Task objective. Pictures should be left out when the listing below is repeated word for word.

Data listing.
-.-.-

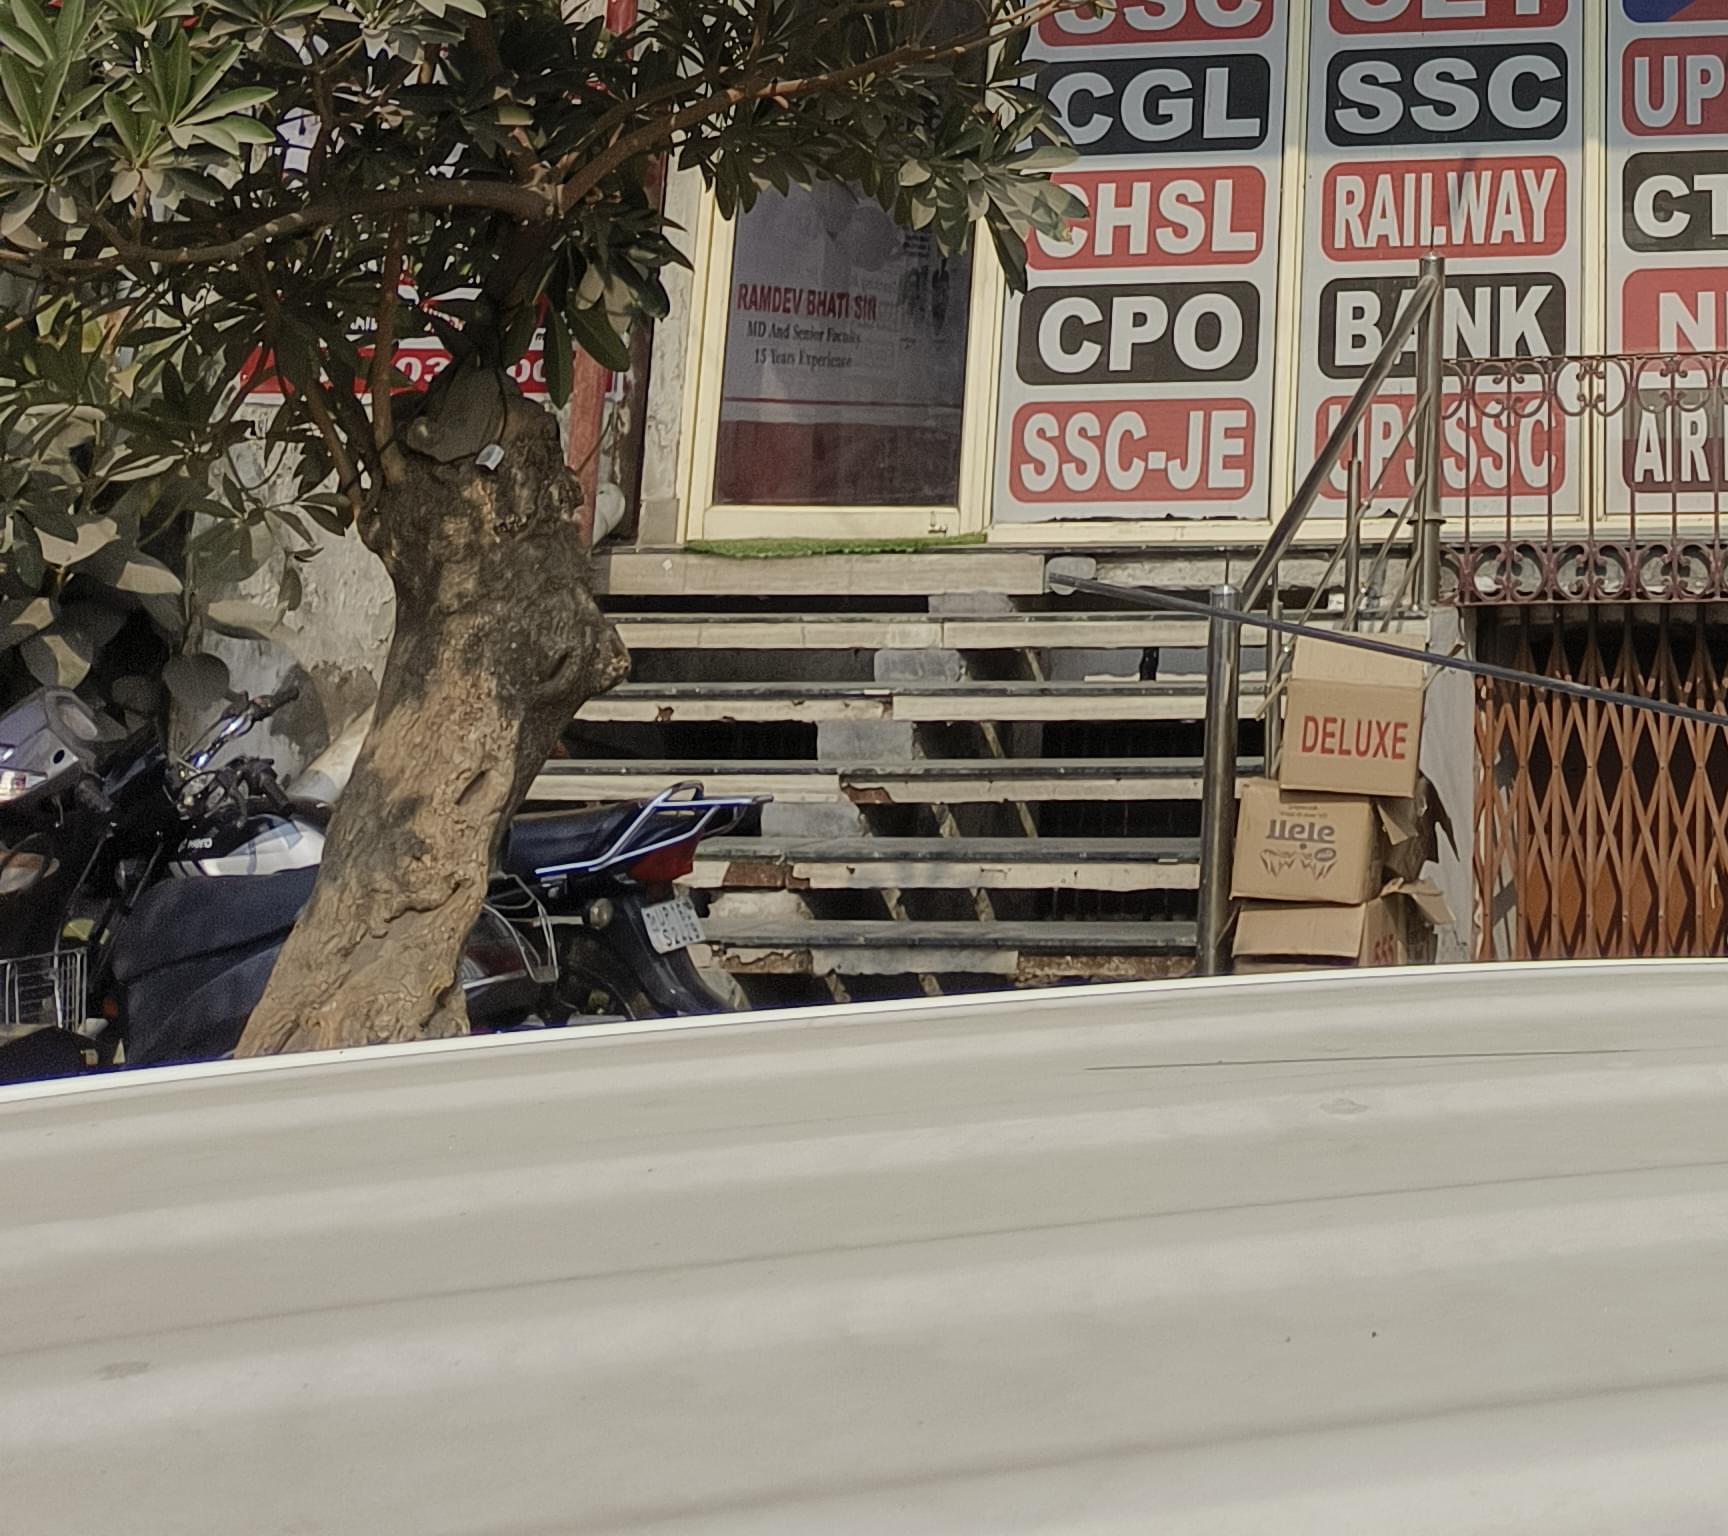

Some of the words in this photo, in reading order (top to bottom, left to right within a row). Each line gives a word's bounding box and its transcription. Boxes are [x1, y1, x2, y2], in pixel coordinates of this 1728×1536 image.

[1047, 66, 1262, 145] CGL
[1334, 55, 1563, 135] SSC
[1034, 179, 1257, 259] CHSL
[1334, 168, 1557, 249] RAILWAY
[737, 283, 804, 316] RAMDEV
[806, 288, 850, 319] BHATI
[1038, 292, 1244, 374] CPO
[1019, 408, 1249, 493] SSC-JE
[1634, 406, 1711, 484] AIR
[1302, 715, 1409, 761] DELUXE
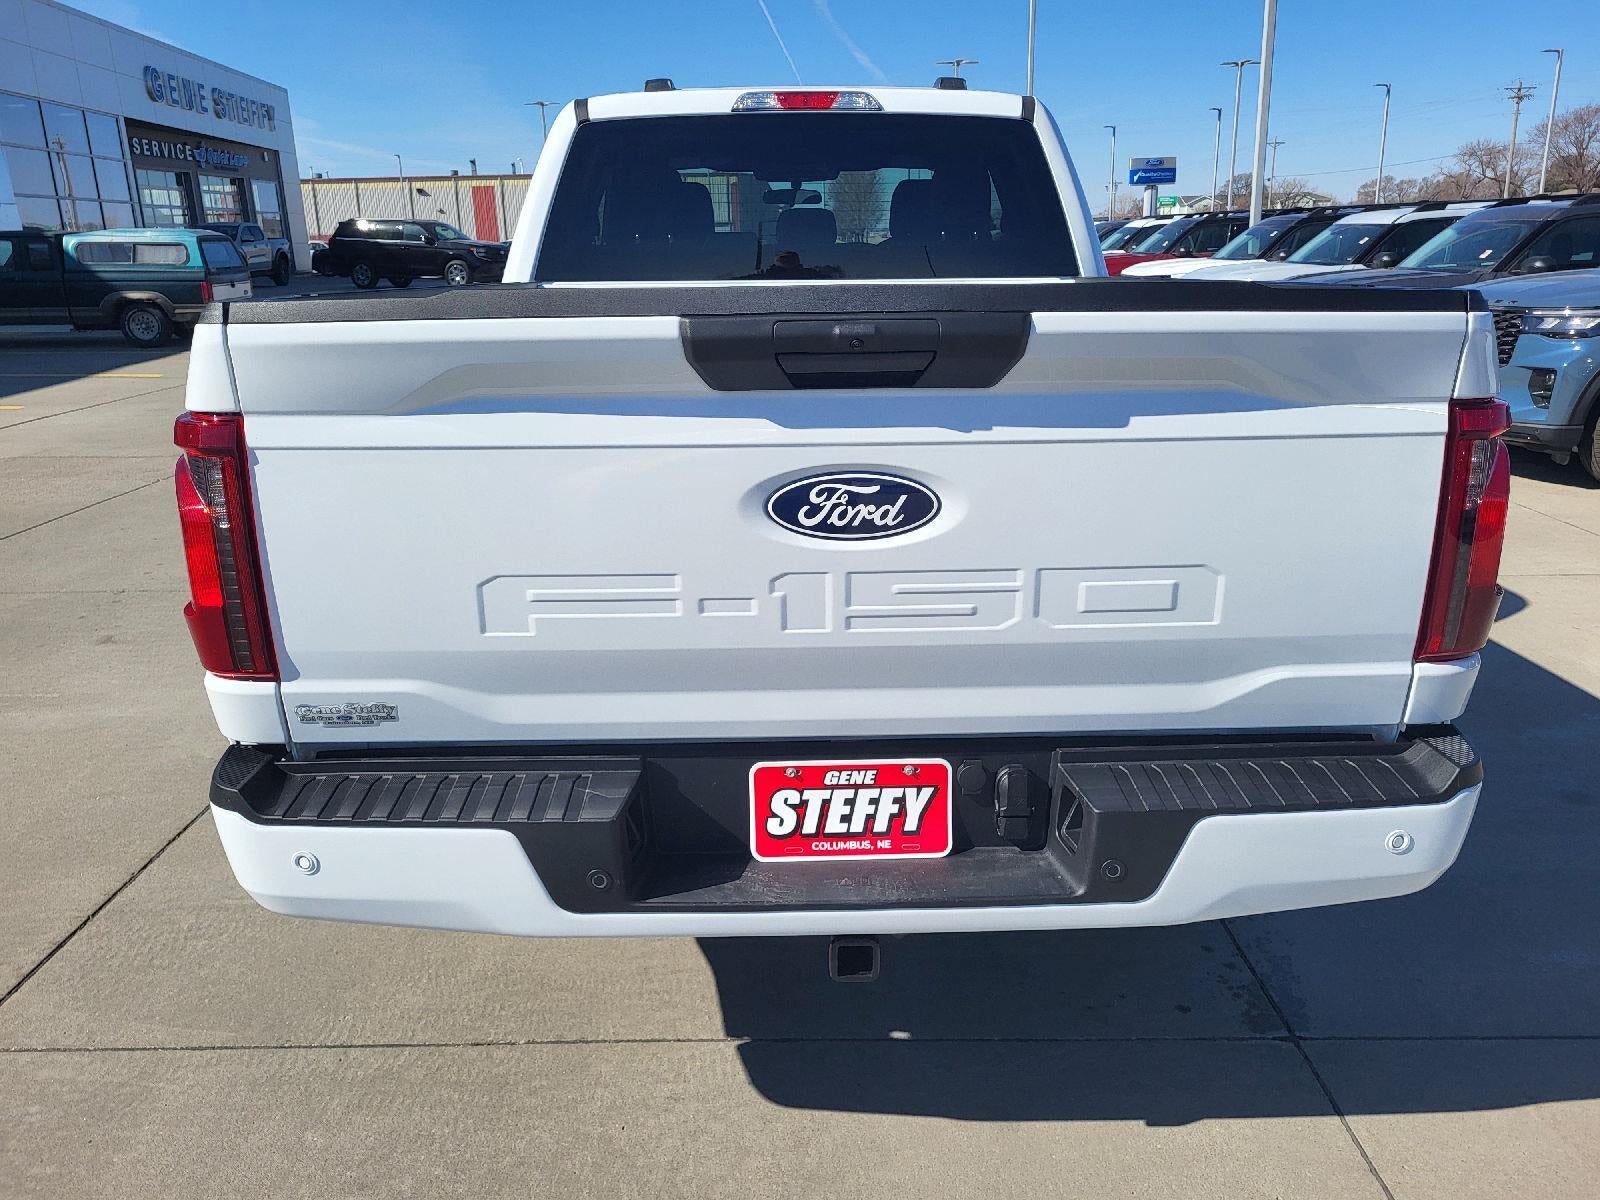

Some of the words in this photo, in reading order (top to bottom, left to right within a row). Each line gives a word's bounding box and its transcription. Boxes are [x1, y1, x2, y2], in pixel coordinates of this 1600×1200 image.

-.-.-

Response below.
Some of the words in this photo, in reading order (top to bottom, left to right within a row). Each line gives a word's bounding box and its transcription. Boxes are [x1, y1, x2, y2], in pixel coordinates of this 1728×1536 image.

[1047, 66, 1262, 145] CGL
[1334, 55, 1563, 135] SSC
[1034, 179, 1257, 259] CHSL
[1334, 168, 1557, 249] RAILWAY
[737, 283, 804, 316] RAMDEV
[806, 288, 850, 319] BHATI
[1038, 292, 1244, 374] CPO
[1019, 408, 1249, 493] SSC-JE
[1634, 406, 1711, 484] AIR
[1302, 715, 1409, 761] DELUXE

Some of the words in this photo, in reading order (top to bottom, left to right within a row). Each line gives a word's bounding box and its transcription. Boxes are [x1, y1, x2, y2], in pixel coordinates of this 1600×1200 image.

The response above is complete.